### EXERCISE DESCRIPTION
The data below should be retyped exactly, with the pictures left out.

[Stored items from a collection]
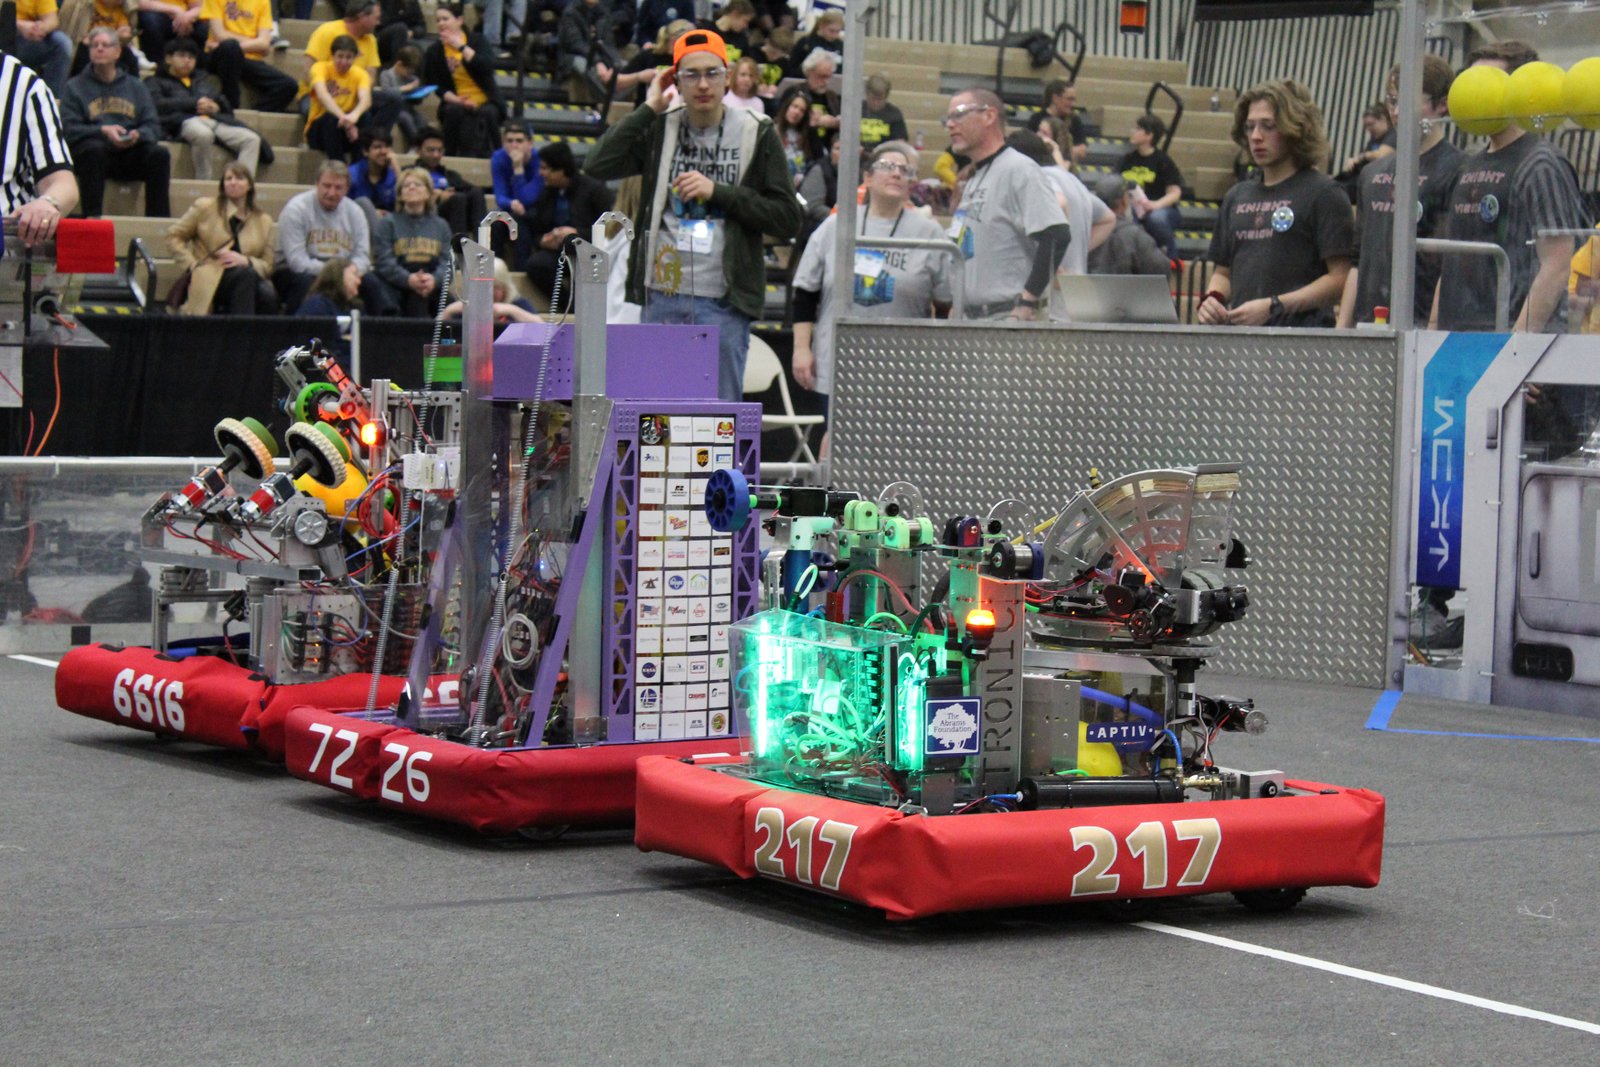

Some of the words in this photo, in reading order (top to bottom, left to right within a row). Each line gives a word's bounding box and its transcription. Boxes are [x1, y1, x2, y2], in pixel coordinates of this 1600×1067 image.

[113, 668, 185, 732] 6616
[947, 712, 960, 720] The
[1097, 725, 1147, 738] APTIV
[754, 807, 858, 891] 217
[1069, 817, 1222, 897] 217
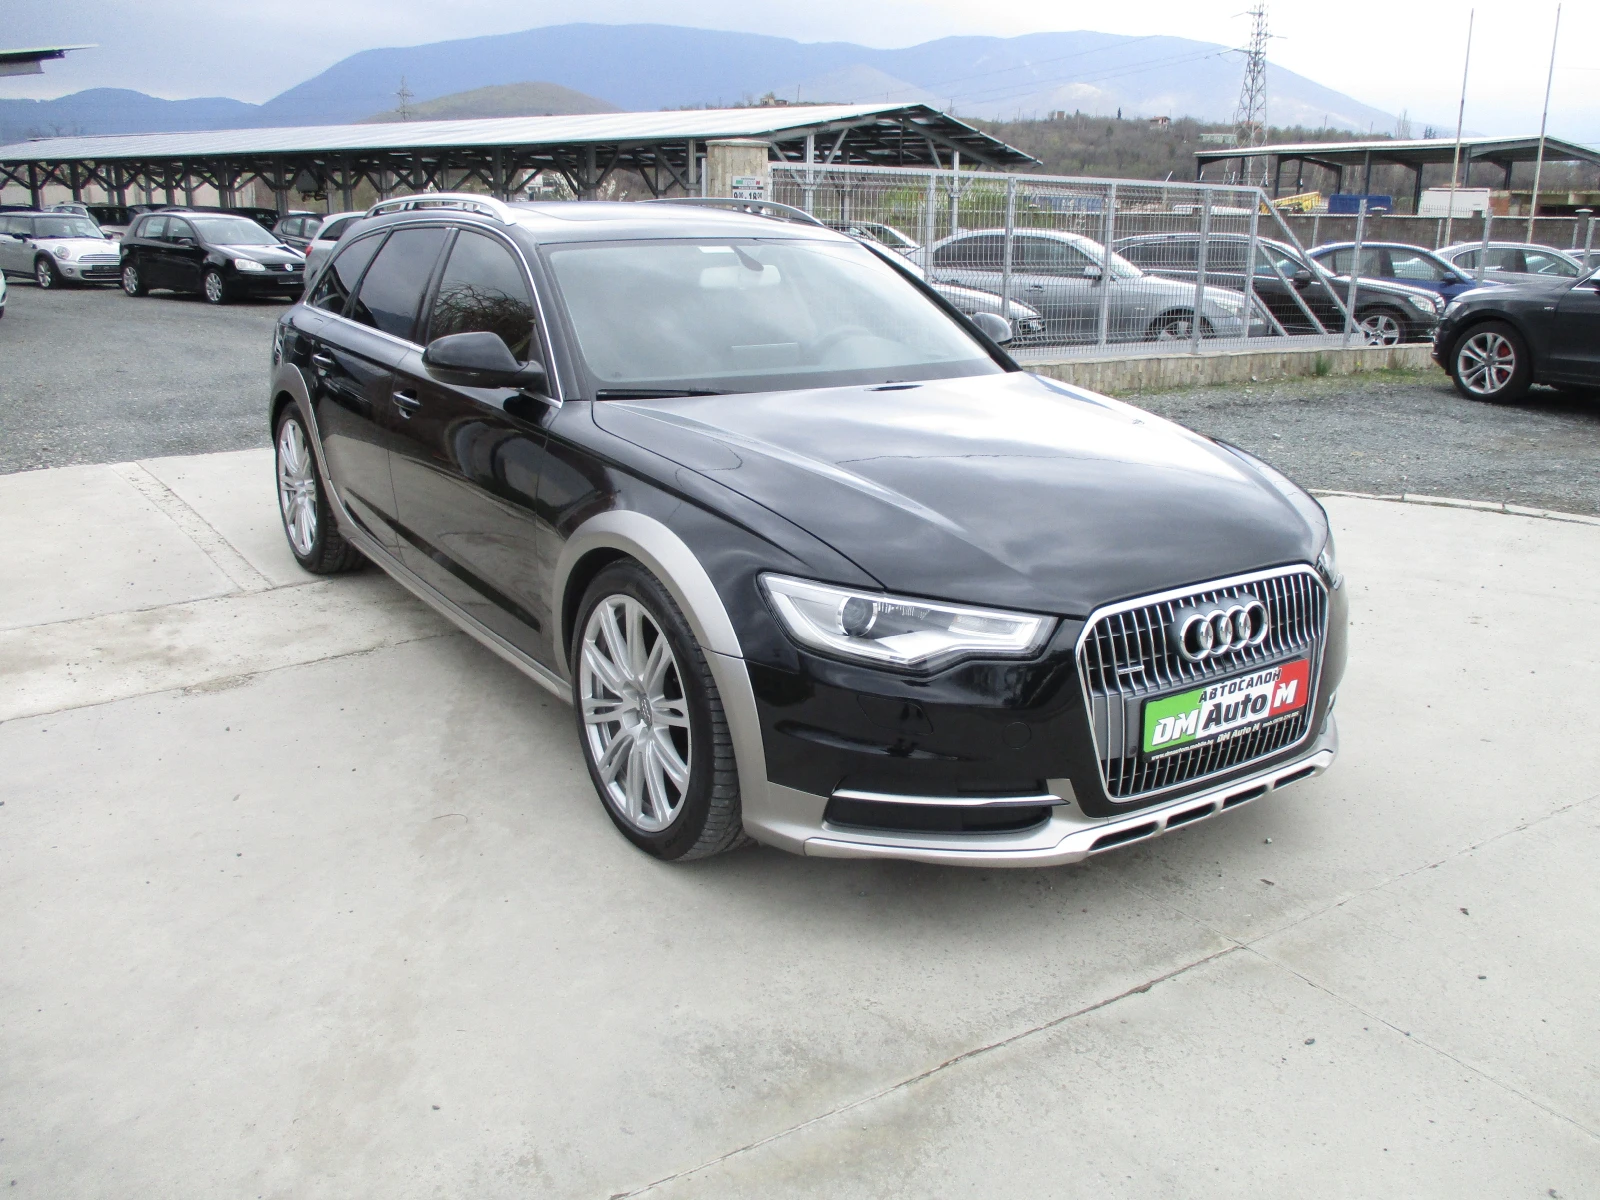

### ANSWER
Some of the words in this photo, in reading order (top to bottom, left to right within a row). Each line gives a word's bounding box and its transcription. Boxes are [x1, y1, x2, y2], in pixel coordinates of this 1600×1067 image.

[113, 668, 185, 732] 6616
[947, 712, 960, 720] The
[1097, 725, 1147, 738] APTIV
[754, 807, 858, 891] 217
[1069, 817, 1222, 897] 217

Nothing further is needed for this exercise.